In matrix-assisted laser desorption ionization (MALDI), a fragmented peptide sample is loaded onto a matrix and ionized through the use of a high energy laser. The fragmented ions are then separated by mass-to-charge ratio based on the time of flight (TOF) through the spectrometer. They can then be further fragmented and re-analyzed in tandem mass spectrometry, often with a quadrupole ion trap, but also possible with tandem time of flight.

The output received from a mass spectrometer comes in the form of a peak list. This spectrum shows the masses and relative abundances of the peptide fragments present in the sample. In reading a spectrum like the one shown, all possible major fragmentations of a protein would need to be considered. Then the masses of those fragments would correlate to the numbers in the peaks of the spectrum. While it can be analyzed to some degree on its own, in forming a peptide-mass fingerprint, the peak list is run through a database search to find homologous peptide sequences.

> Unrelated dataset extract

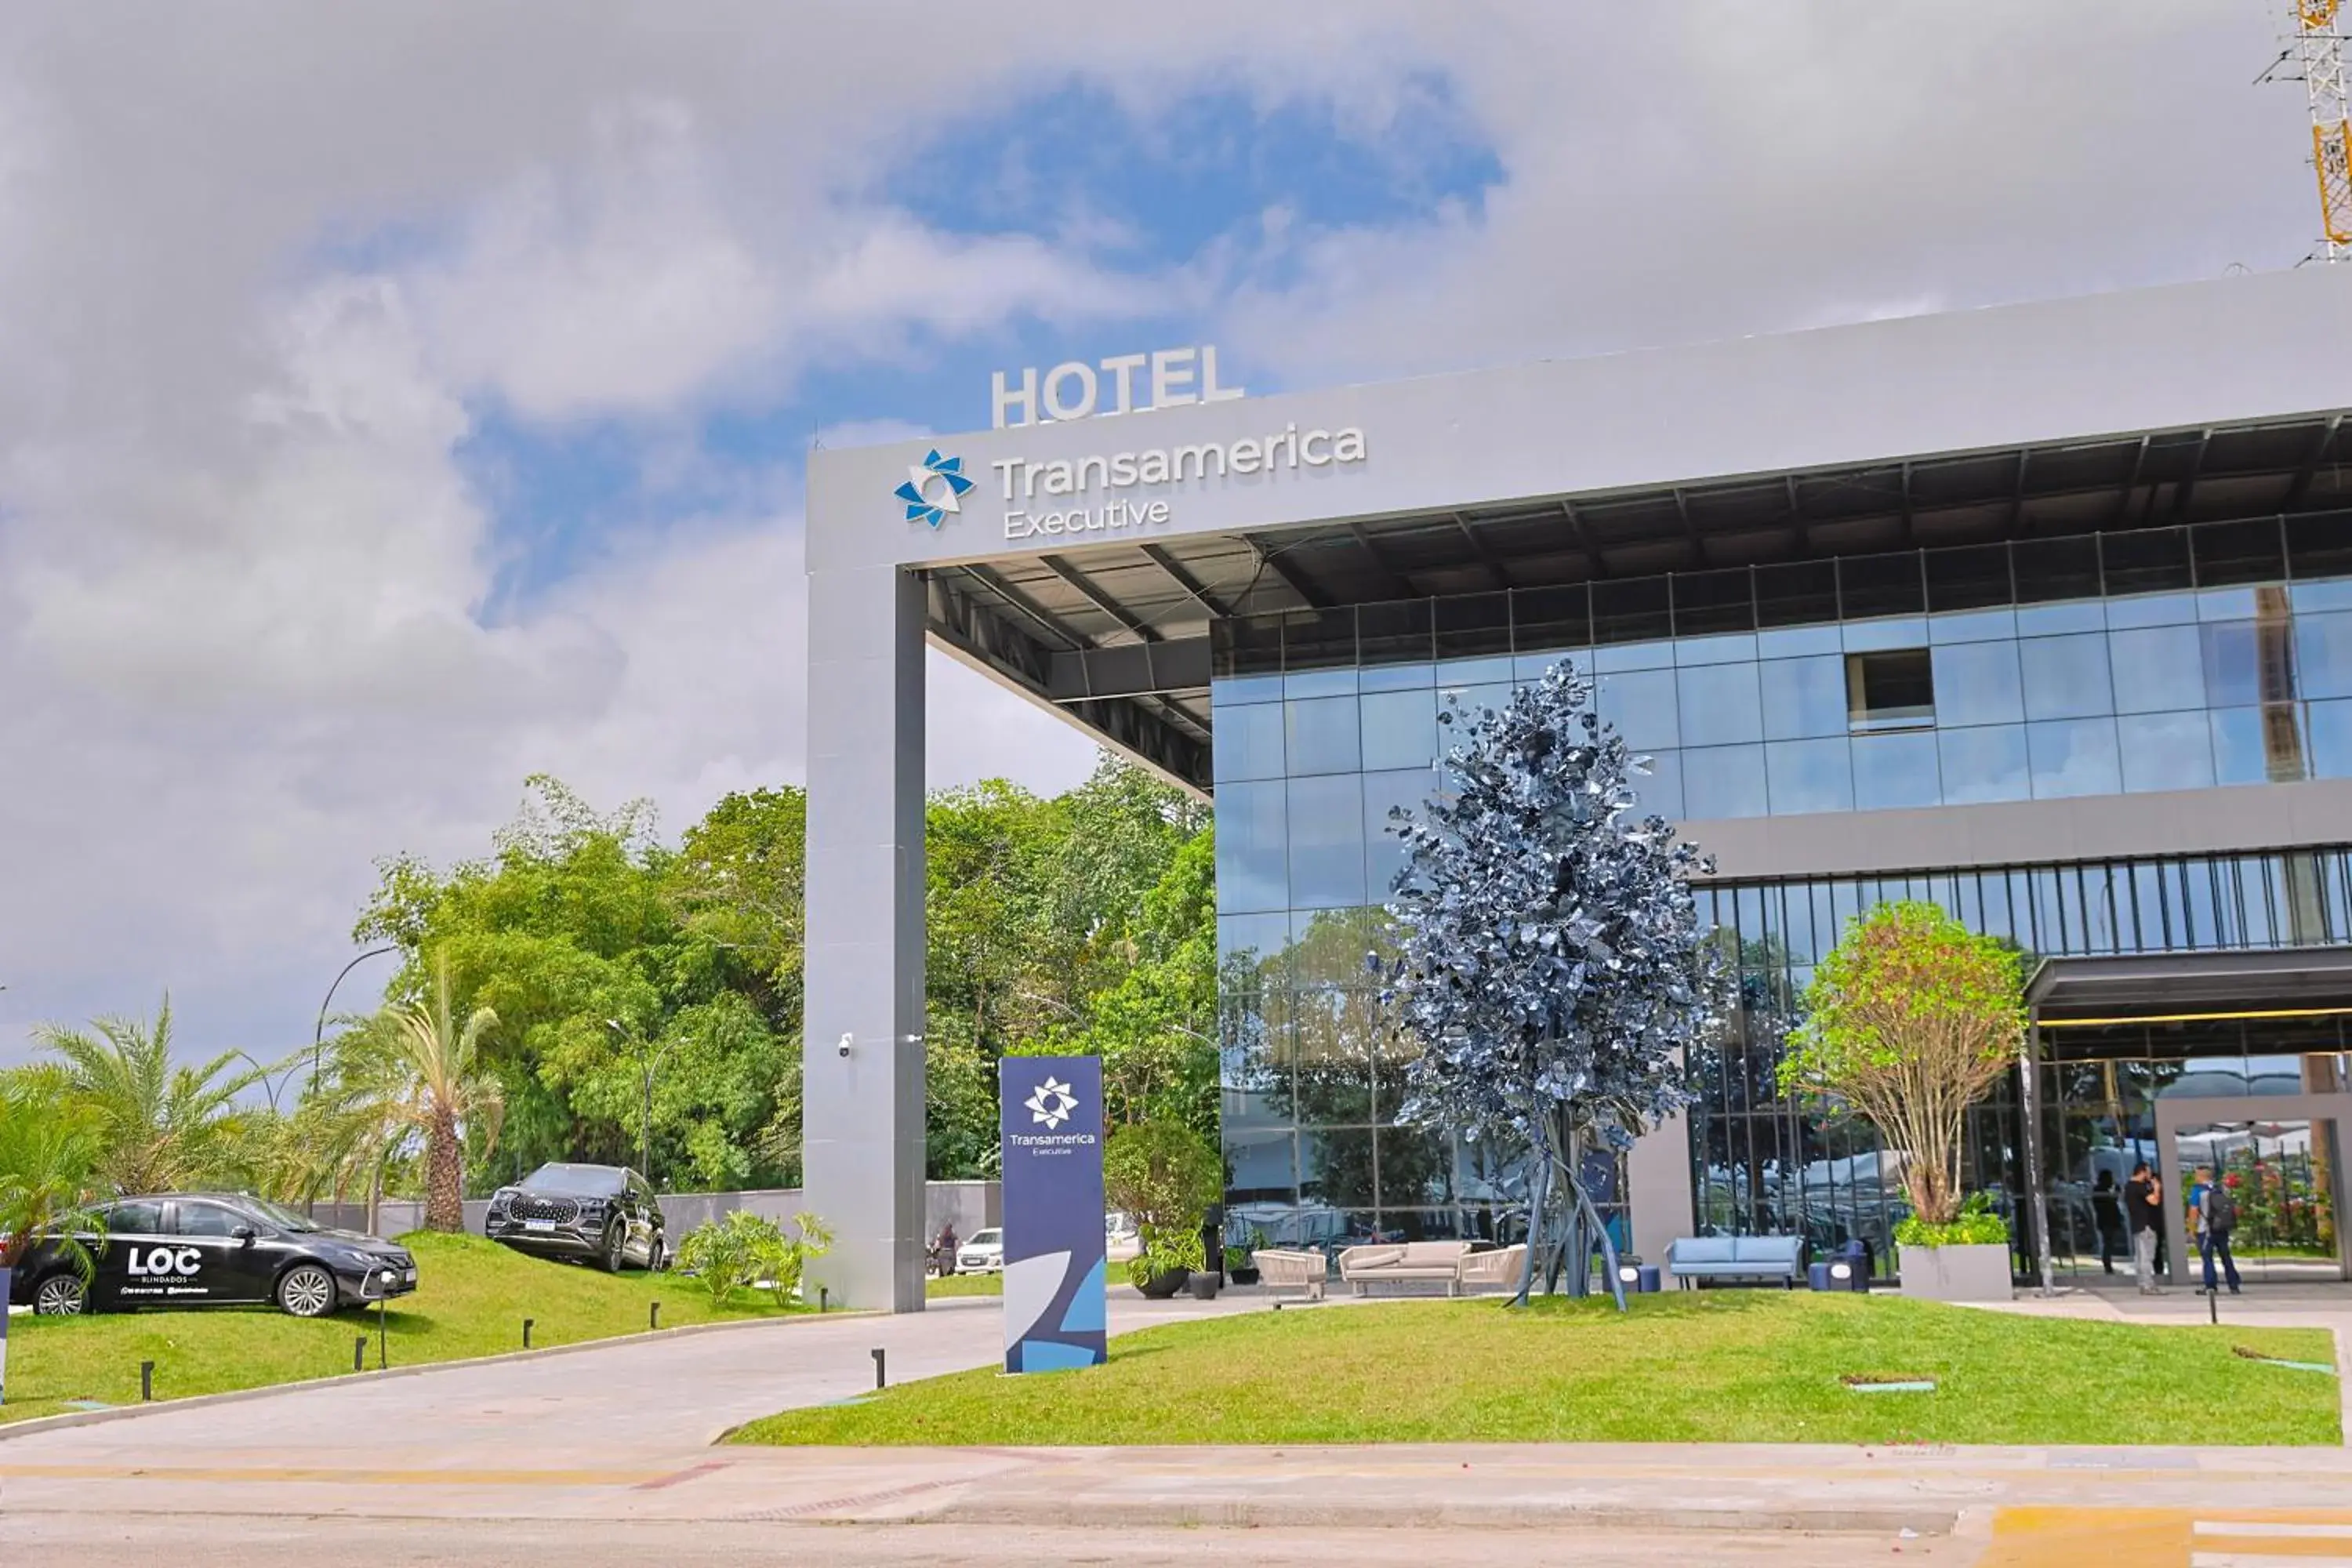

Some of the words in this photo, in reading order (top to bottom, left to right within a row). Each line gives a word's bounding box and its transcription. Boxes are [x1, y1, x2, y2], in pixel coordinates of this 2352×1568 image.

== Computer database analysis ==
The peak list obtained through spectrometric means is used as the query in a database search using the software MASCOT. The MASCOT software uses an algorithm that looks for significant peptide sequence homology to present the most statistically likely protein in the sample, based on the results.

In performing the search, you much choose a database to go through. Such databases include, among others, Swissprot, often used when researching well characterized organisms like humans, mice, and yeasts; and NCBInr for more general, robust searches.

A detailed tutorial on using MASCOT software can be found in a link below.

== Applications ==
The use of a peptide-mass fingerprint is fairly widespread in proteomic research. Some specific examples of how it has been used in the field are as follows:

=== Screening and characterization of amylase and cellulase activities in psychrotolerant yeasts ===
The authors of this study sought to determine which yeasts were metabolically active at lower temperatures and could therefore be used for colder industrial processes. They grew various yeasts on medium at different temperatures, then determined enzyme activity by separating proteins on a gel and fingerprinting the individual bands. Through database search they found the enzyme of interest and discovered two individual yeasts that had higher activity at lower temperatures.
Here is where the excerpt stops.